Most agree that cloud computing is an evolutionary technology concept rather than revolutionary. Cloud computing‘s predecessors include both grid computing and utility computing and perhaps SaaS to a certain degree. All are necessary parts or foundations of cloud computing.
Capex and Opex
Cloud computing is still in its early stages and most enterprises are still in the learning phase trying to understand how the cloud can best suit their needs. Enterprises with considerable investments in IT infrastructure are often reluctant to consider migrating to the cloud. Some may ask: Why go to the cloud if the infrastructure on-premise is already state-of-the-art? It will hardly change the capital expenses (Capex) a great deal since Capex is generally only about 10% of enterprise IT cost. The other 90% are operational costs (Opex) so generally going to the cloud shouldn‘t change the cost picture a great deal – as one of the main criteria for the cloud has been the conversion of Capex to Opex.
Are costs higher than anticipated?
So what‘s all the fuss then? Does cloud computing guarantee a foreseeable or fixed Opex? Not really, as most public cloud service providers have a very granular cost breakdown on their cloud services including CPU, memory, bandwidth, data transfer (upload/download), etc. It can be quite difficult for the end-user to estimate exact costs although some service providers, like AWS, have provided a calculator on their website to make this an easier task. In fact, it has been pointed out by many users that costs can sometimes become significantly higher than originally planned and expected.
To alleviate this and support long-term requirements and commitment, service providers also offer access to resources on a long-term, fixed-fee basis. Again, AWS for example offers a 1-year and 3-year term reserved instances at a fixed-cost. In that case, costs can be made foreseeable although additional usage charges would normally apply, including data transfer, elastic IPs, etc. In this case infrastructure services (IaaS) can be compared to traditional hosting services. Customers rent or lease certain infrastructure for an upfront known cost.
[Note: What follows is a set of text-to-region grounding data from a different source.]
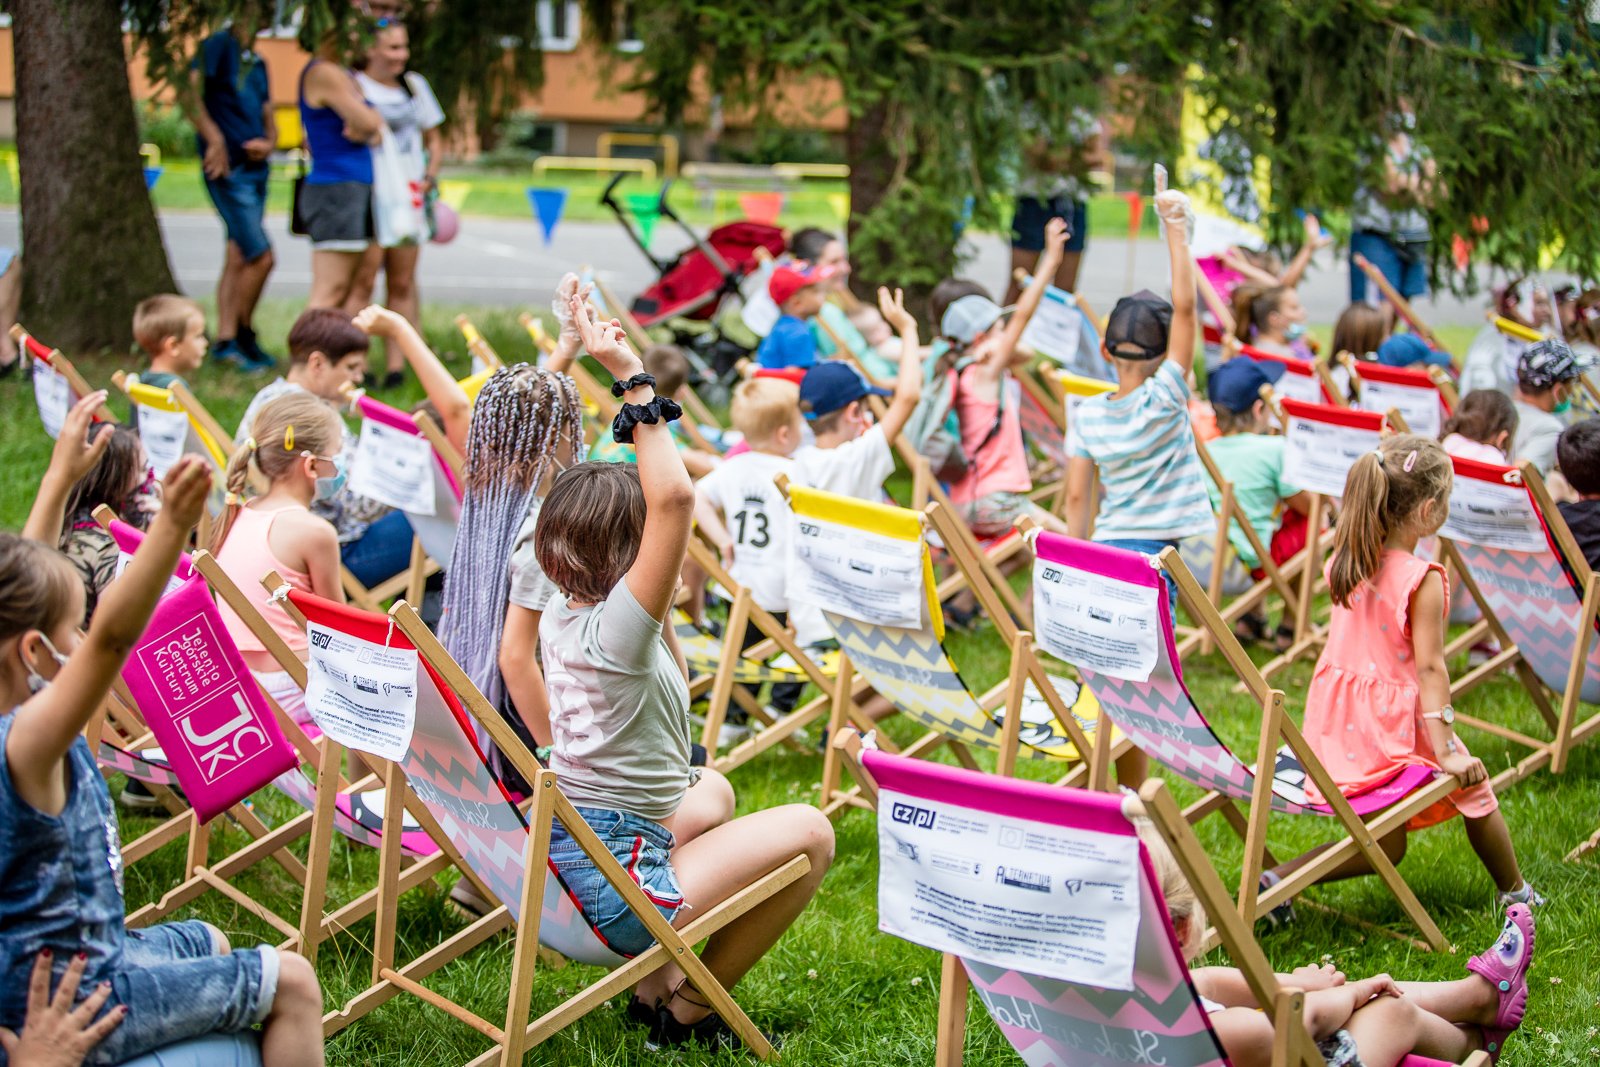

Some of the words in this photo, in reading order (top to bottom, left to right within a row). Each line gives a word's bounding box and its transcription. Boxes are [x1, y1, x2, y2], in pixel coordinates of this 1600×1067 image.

[734, 510, 770, 548] 13
[153, 646, 186, 701] Kultury
[167, 640, 199, 695] Centrum
[180, 641, 211, 687] górskie
[182, 627, 220, 681] Jelenio
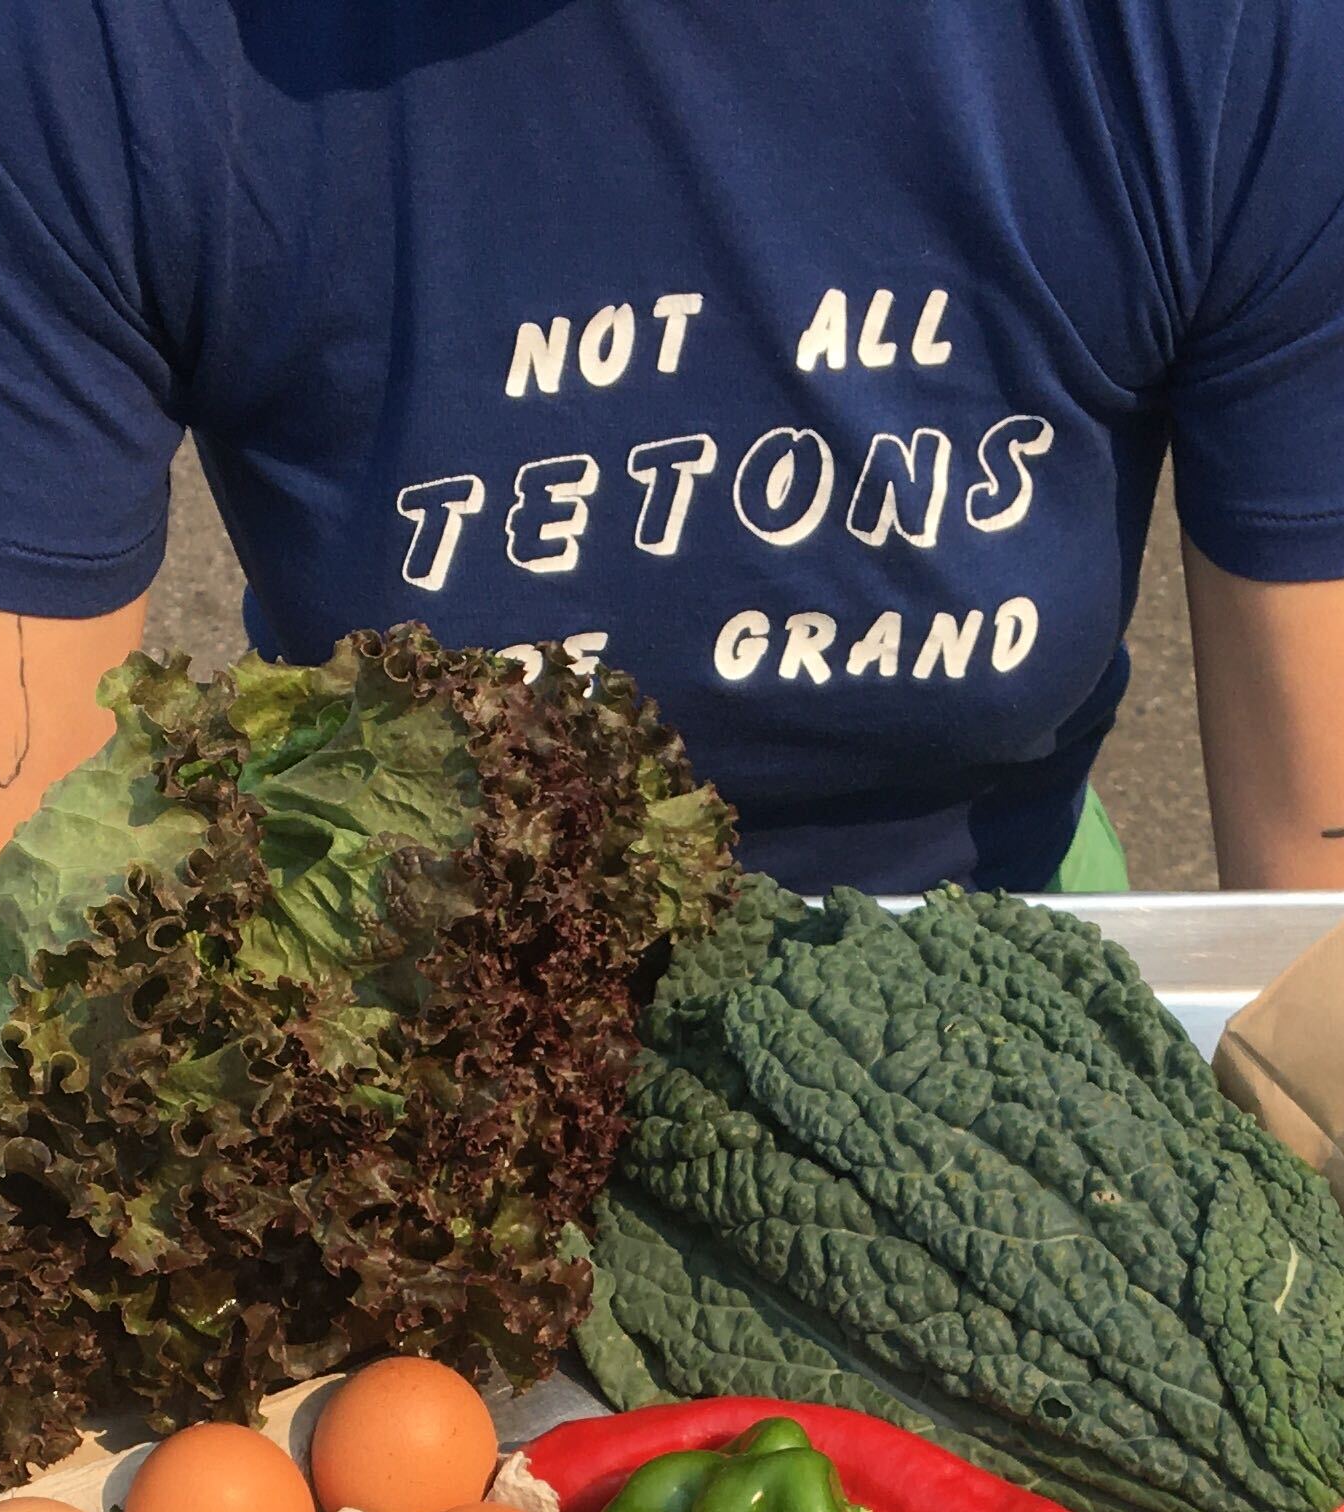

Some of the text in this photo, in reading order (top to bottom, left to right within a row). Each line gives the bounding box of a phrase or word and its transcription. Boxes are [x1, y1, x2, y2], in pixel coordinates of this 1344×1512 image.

[505, 287, 953, 398] NOT ALL
[396, 414, 1056, 592] TETONS
[713, 596, 1040, 685] GRAND
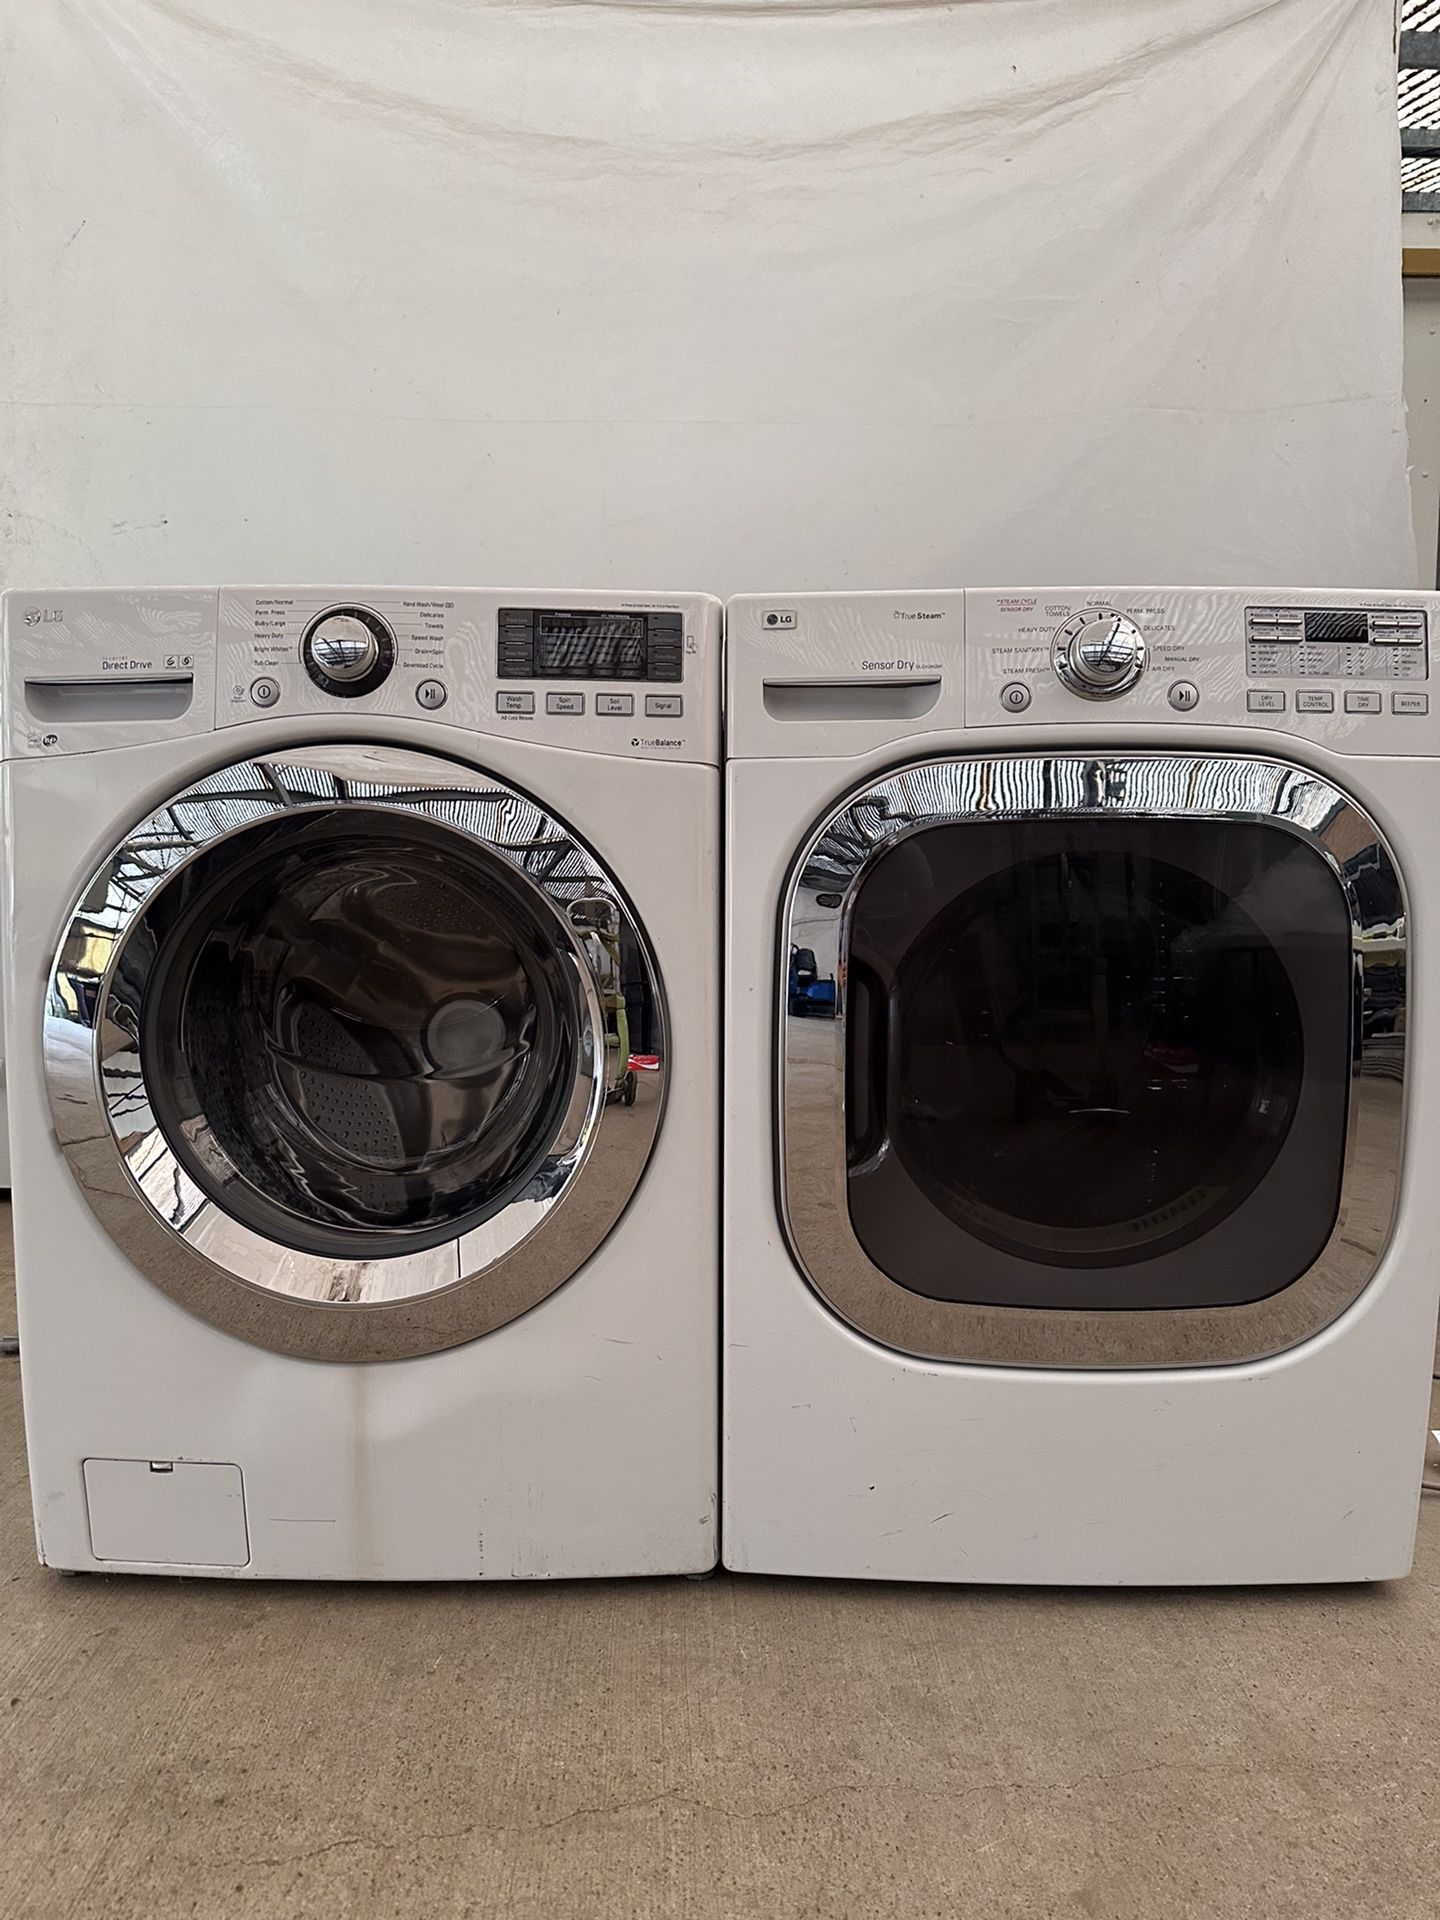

Cloud computing vs. hosting services
The difference then primarily may be in the web-based, self-service functionality of cloud computing services. Customers select and launch the appropriate services themselves and, similarly, terminate them when they are no longer needed. This is a unique feature of cloud based services. Overall, the primary distinction factors of cloud services compared to traditional hosting services include:
- Self-service and automation: Customers provision resources themselves, perform configurations online and use online troubleshooting
- Rapid provisioning: Customers obtain needed resources immediately and terminate them likewise
- Rich Web Management and API: Customers get a feature-rich, web-based interface for service deployment and configuration. Additionally, they get a powerful API for performing integration and adjustment if required
- Accounting granularity and cost allocation: Costs are carefully broken down into individual computing elements
The cloud removes many barriers
All of these distinguish cloud computing services from the traditional hosting and ASP services we have known for many years. This is also something that’s making cloud computing such an interesting and a viable alternative for many companies, small and large. Cloud computing is allowing the smallest companies to focus on core activities and remove the additional need for maintaining the necessary in-house capacity and know-how of running complicated IT resources. Also, the cloud is enabling companies to grow very fast on a global scale, if they come up with interesting and successful services. No longer are they restricted by IT capacity, as they can simply add the necessary computing resources through the cloud when they need them.